Fed Finds Inflation Is “More Lasting But Likely Still Temporary”

Courtesy of ZeroHedge View original post here.

The Fed has published its latest semi-annual monetary policy report ahead of Jerome Powell's testimony to Congress next week, which is full of 75 pages of warnings and cautions about the economy – which nobody will read – and instead everyone will hone in on the report's "inflation" section summary. It is here, buried deep in the summary paragraph that we find one of the biggest oxymorons to come out of the Fed yet:

Inflation: Consumer price inflation, as measured by the 12-month change in the PCE price index, moved up from 1.2 percent at the end of last year to 3.9 percent in May. The 12-month measure of inflation that excludes food and energy items (so-called core inflation) was 3.4 percent in May, up from 1.4 percent at the end of last year. Some of the strength in recent 12-month inflation readings reflects the comparison of current prices with prices that sank at the onset of the pandemic as households curtailed spending—a transitory result of “base effects.”

And the punchline:

More lasting but likely still temporary upward pressure on inflation has come from prices for goods experiencing supply chain bottlenecks, such as motor vehicles and appliances. In addition, prices for some services, such as airfares and lodging, have moved up sharply in recent months toward more normal levels as demand has recovered. Both survey-based and market-based measures of longer-term inflation expectations have risen since the end of last year, largely reversing the downward drift in those measures in recent years, and are in a range that is broadly consistent with the FOMC’s longer-run inflation objective.

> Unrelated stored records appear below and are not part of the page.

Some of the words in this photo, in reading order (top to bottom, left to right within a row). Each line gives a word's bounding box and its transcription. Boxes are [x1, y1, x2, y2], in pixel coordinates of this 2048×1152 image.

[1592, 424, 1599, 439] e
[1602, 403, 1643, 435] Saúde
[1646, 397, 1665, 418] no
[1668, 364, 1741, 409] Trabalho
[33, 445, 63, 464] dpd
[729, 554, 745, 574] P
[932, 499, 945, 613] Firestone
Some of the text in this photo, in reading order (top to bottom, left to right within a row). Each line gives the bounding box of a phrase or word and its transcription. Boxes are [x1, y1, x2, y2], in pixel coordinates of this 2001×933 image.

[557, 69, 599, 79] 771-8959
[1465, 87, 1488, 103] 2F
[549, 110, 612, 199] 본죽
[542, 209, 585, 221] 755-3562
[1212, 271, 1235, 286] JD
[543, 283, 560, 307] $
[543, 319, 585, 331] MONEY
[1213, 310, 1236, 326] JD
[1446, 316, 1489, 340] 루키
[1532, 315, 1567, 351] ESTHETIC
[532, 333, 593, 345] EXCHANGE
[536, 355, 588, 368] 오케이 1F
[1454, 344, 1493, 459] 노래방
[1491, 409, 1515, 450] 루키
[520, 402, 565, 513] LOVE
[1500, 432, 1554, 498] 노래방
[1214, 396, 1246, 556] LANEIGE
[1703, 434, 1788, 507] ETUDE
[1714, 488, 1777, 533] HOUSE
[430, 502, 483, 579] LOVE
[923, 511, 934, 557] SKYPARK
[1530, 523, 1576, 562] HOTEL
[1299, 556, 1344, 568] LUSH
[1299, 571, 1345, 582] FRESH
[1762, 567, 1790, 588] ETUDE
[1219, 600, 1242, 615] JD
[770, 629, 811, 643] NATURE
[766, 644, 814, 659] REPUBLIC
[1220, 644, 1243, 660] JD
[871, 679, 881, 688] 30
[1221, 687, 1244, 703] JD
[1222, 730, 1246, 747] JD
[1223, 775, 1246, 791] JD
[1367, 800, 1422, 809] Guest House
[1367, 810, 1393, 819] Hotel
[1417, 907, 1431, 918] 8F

Here the Fed is referring to this chart of exploding container rates, which today just hit a new record high…

… as well as the following Goldman chart showing soaring prices of "supply-constrained" goods, which even Goldman said will takes year to revert back to pre-covid baselines (if ever)…

… but what the Fed is really saying with "More lasting but likely still temporary" is the effective equivalent of "permanent but still transitory", because for most people, more lasting – which means years – is a period of time when all their excess disposable income, if any, will go to covering the not so temporary higher prices.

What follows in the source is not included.